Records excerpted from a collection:

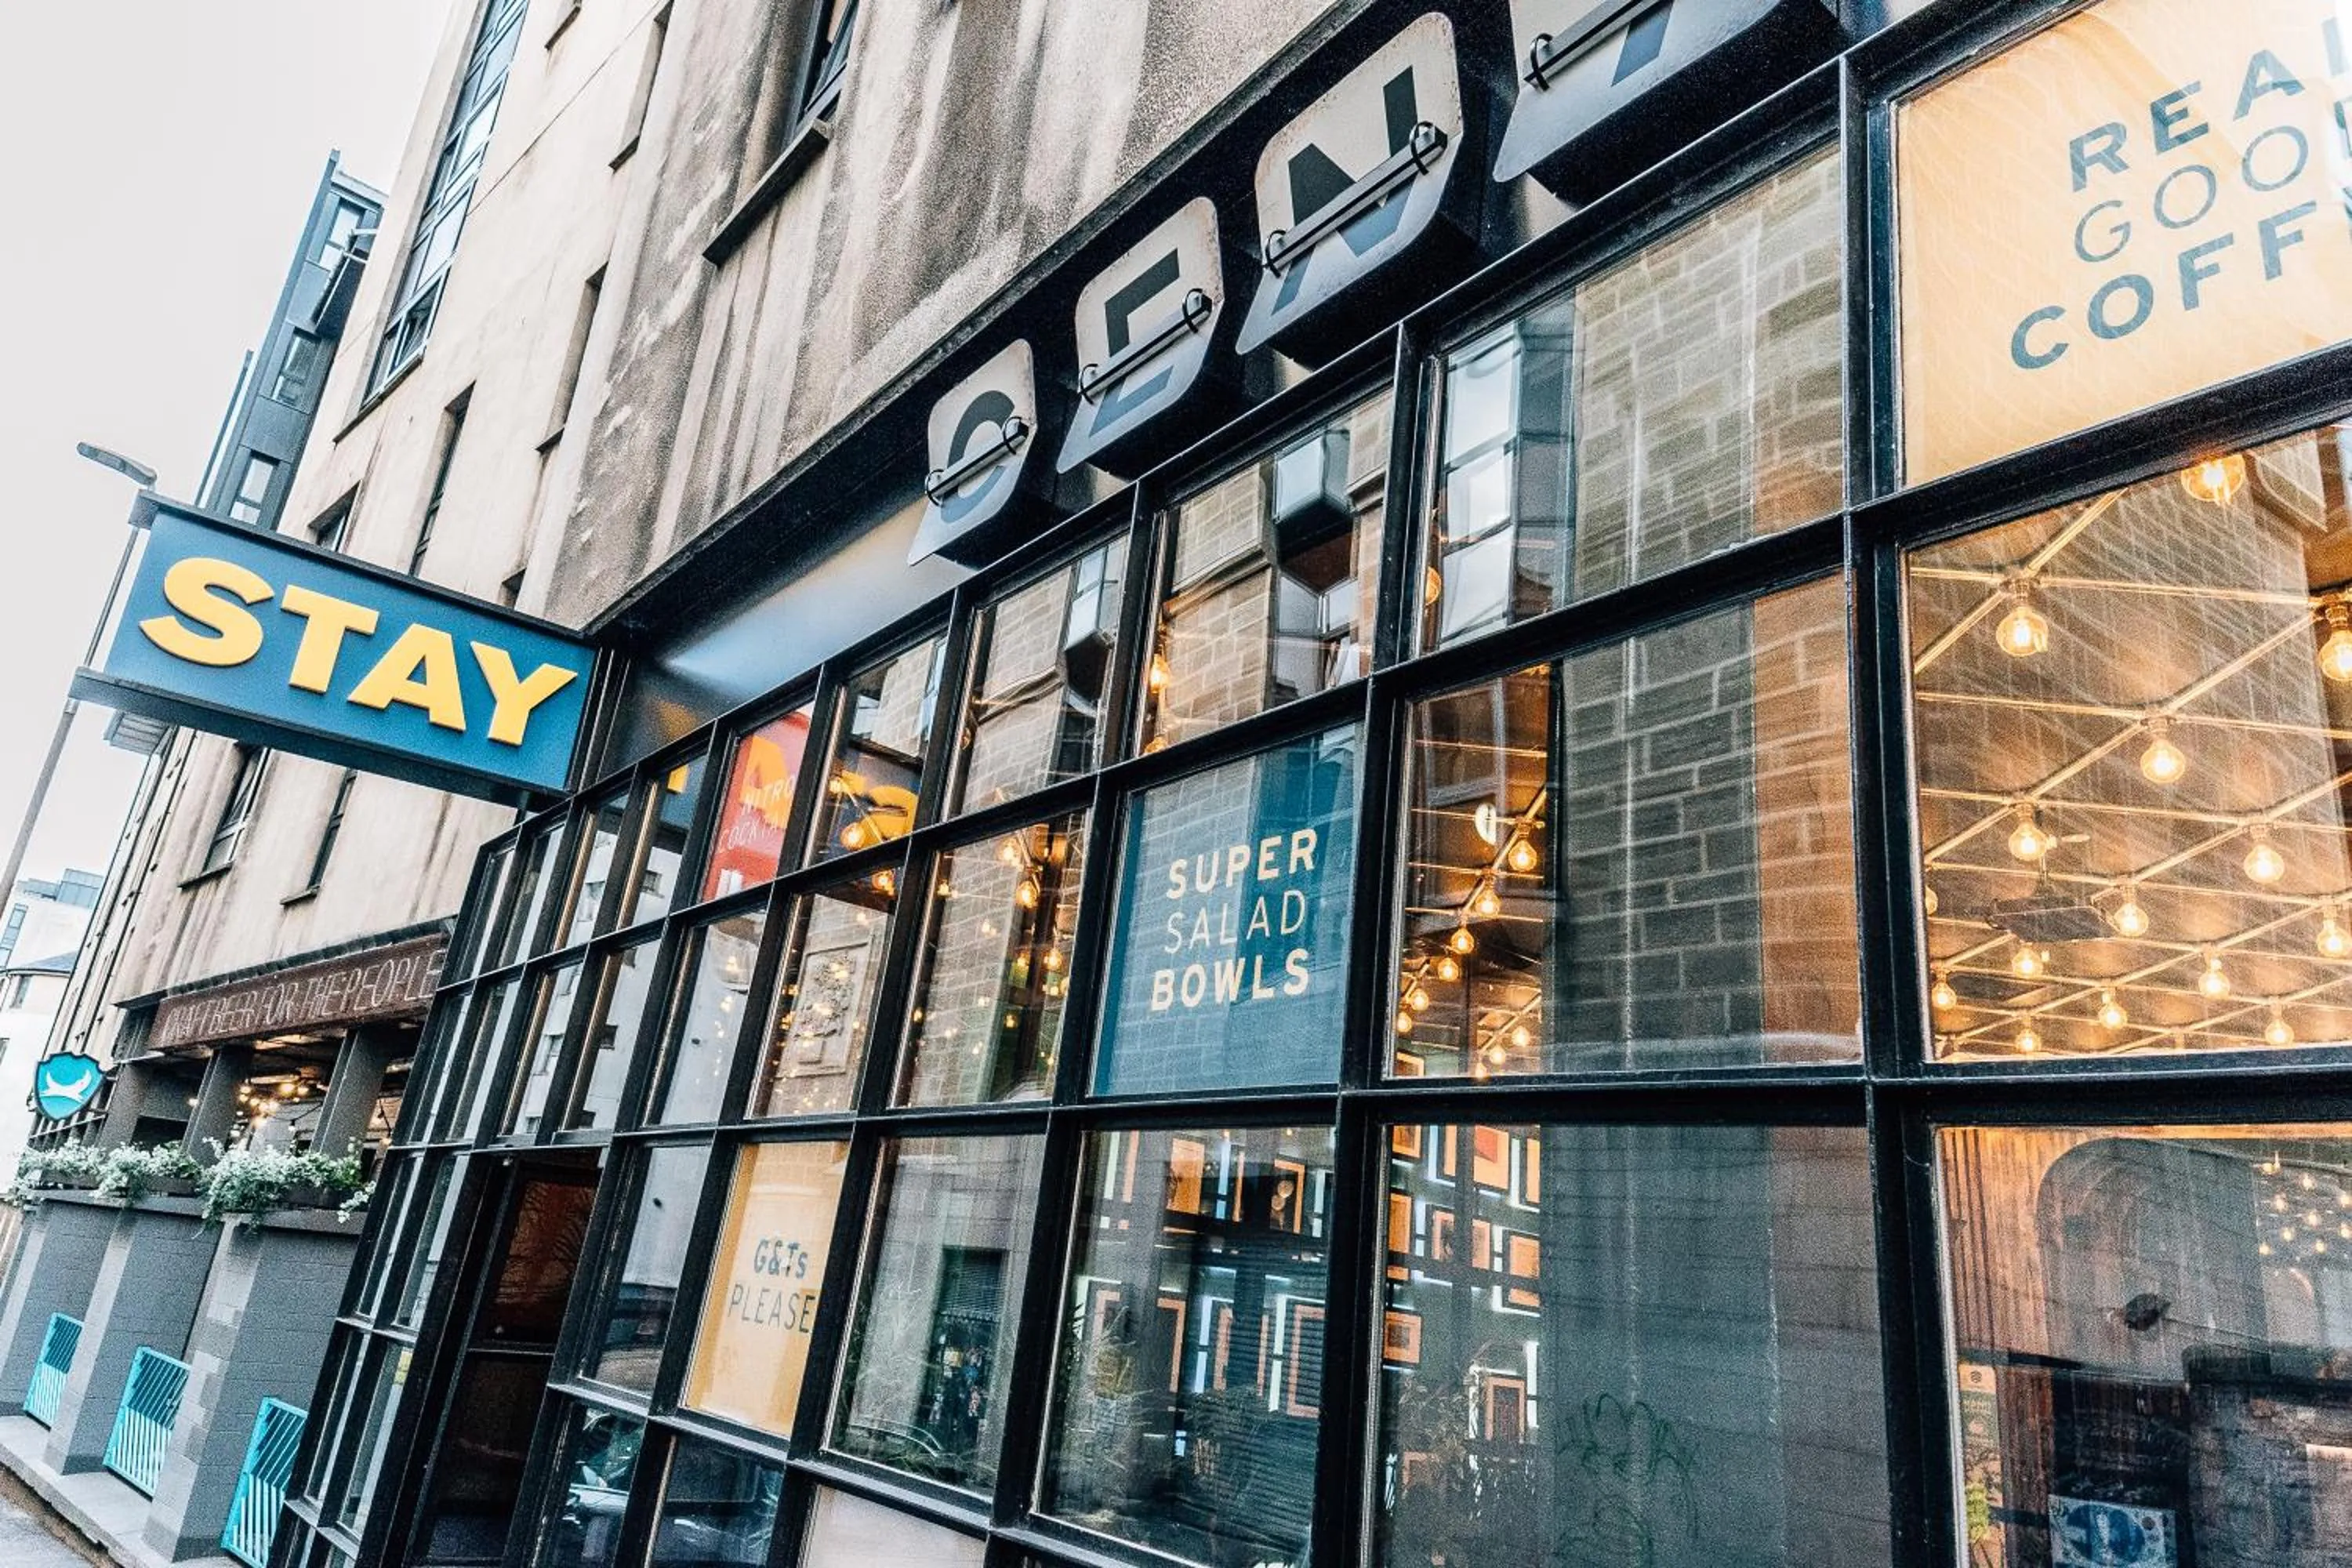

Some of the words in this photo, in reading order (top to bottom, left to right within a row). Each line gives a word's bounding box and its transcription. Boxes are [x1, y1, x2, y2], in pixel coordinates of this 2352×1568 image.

[2074, 96, 2352, 263] GOO
[139, 557, 579, 747] STAY
[1165, 828, 1318, 900] SUPER
[1164, 889, 1306, 954] SALAD
[208, 990, 260, 1036] BEER
[256, 982, 299, 1026] FOR
[299, 971, 347, 1019] THE
[339, 948, 449, 1013] PEOPLE
[1150, 948, 1309, 1011] BOWLS
[753, 1238, 809, 1280] G&Ts
[727, 1283, 817, 1334] PLEASE
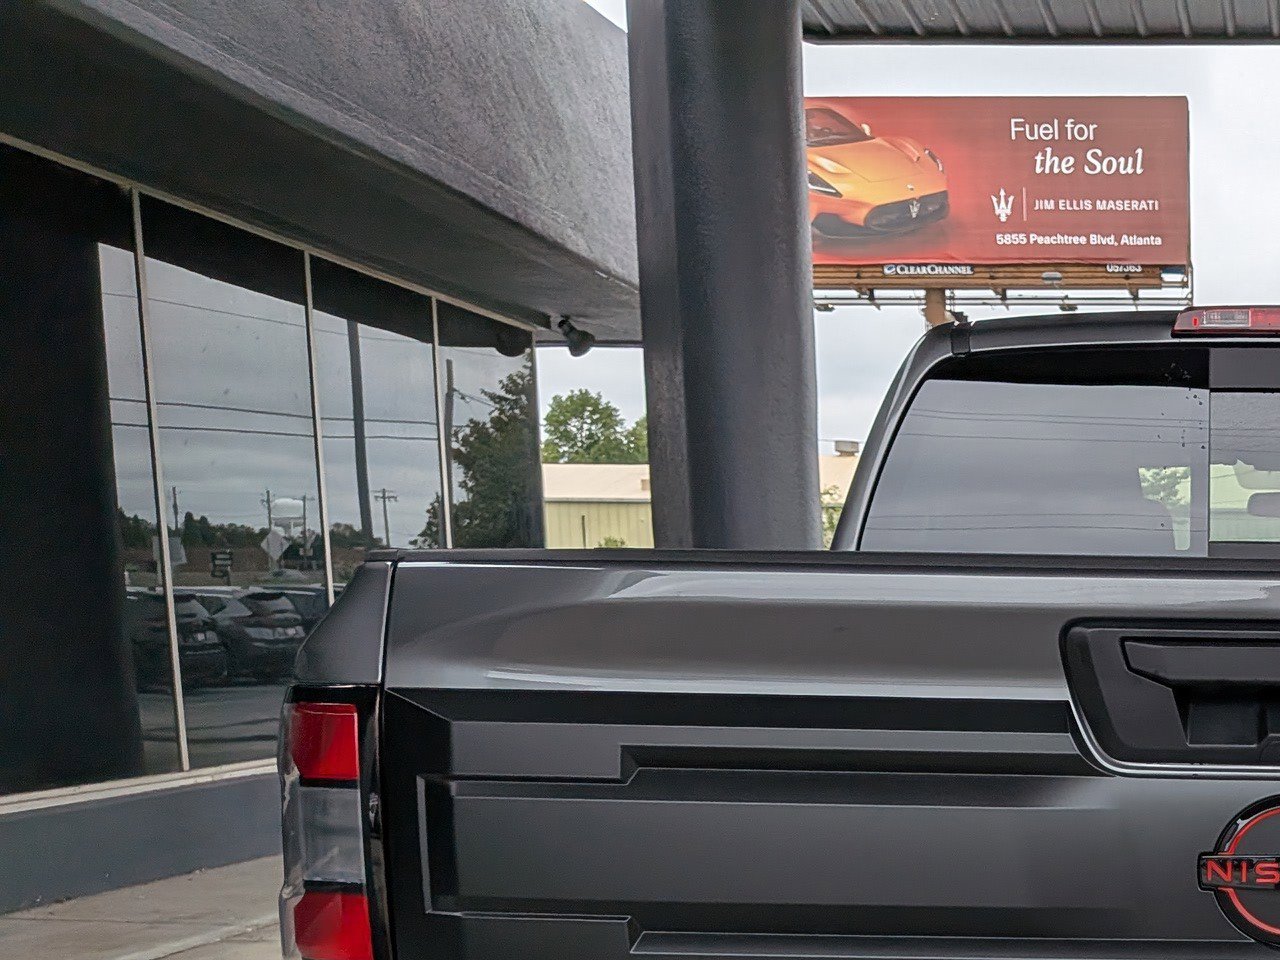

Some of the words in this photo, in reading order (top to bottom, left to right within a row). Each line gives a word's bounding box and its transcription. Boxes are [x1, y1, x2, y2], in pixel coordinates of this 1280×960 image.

Task description: Every line above is to be duplicated exactly; no picture should be carried over.

Solution for this exercise:
Some of the words in this photo, in reading order (top to bottom, left to right within a row). Each line gives a word's bounding box and its transcription. Boxes are [x1, y1, x2, y2], in pixel coordinates of this 2352×1568 image.

[2074, 96, 2352, 263] GOO
[139, 557, 579, 747] STAY
[1165, 828, 1318, 900] SUPER
[1164, 889, 1306, 954] SALAD
[208, 990, 260, 1036] BEER
[256, 982, 299, 1026] FOR
[299, 971, 347, 1019] THE
[339, 948, 449, 1013] PEOPLE
[1150, 948, 1309, 1011] BOWLS
[753, 1238, 809, 1280] G&Ts
[727, 1283, 817, 1334] PLEASE

Some of the words in this photo, in reading order (top to bottom, left to right within a row). Each line gives a word's bounding box and its transcription. Boxes are [x1, y1, x2, y2], in pixel coordinates of this 1280×960 image.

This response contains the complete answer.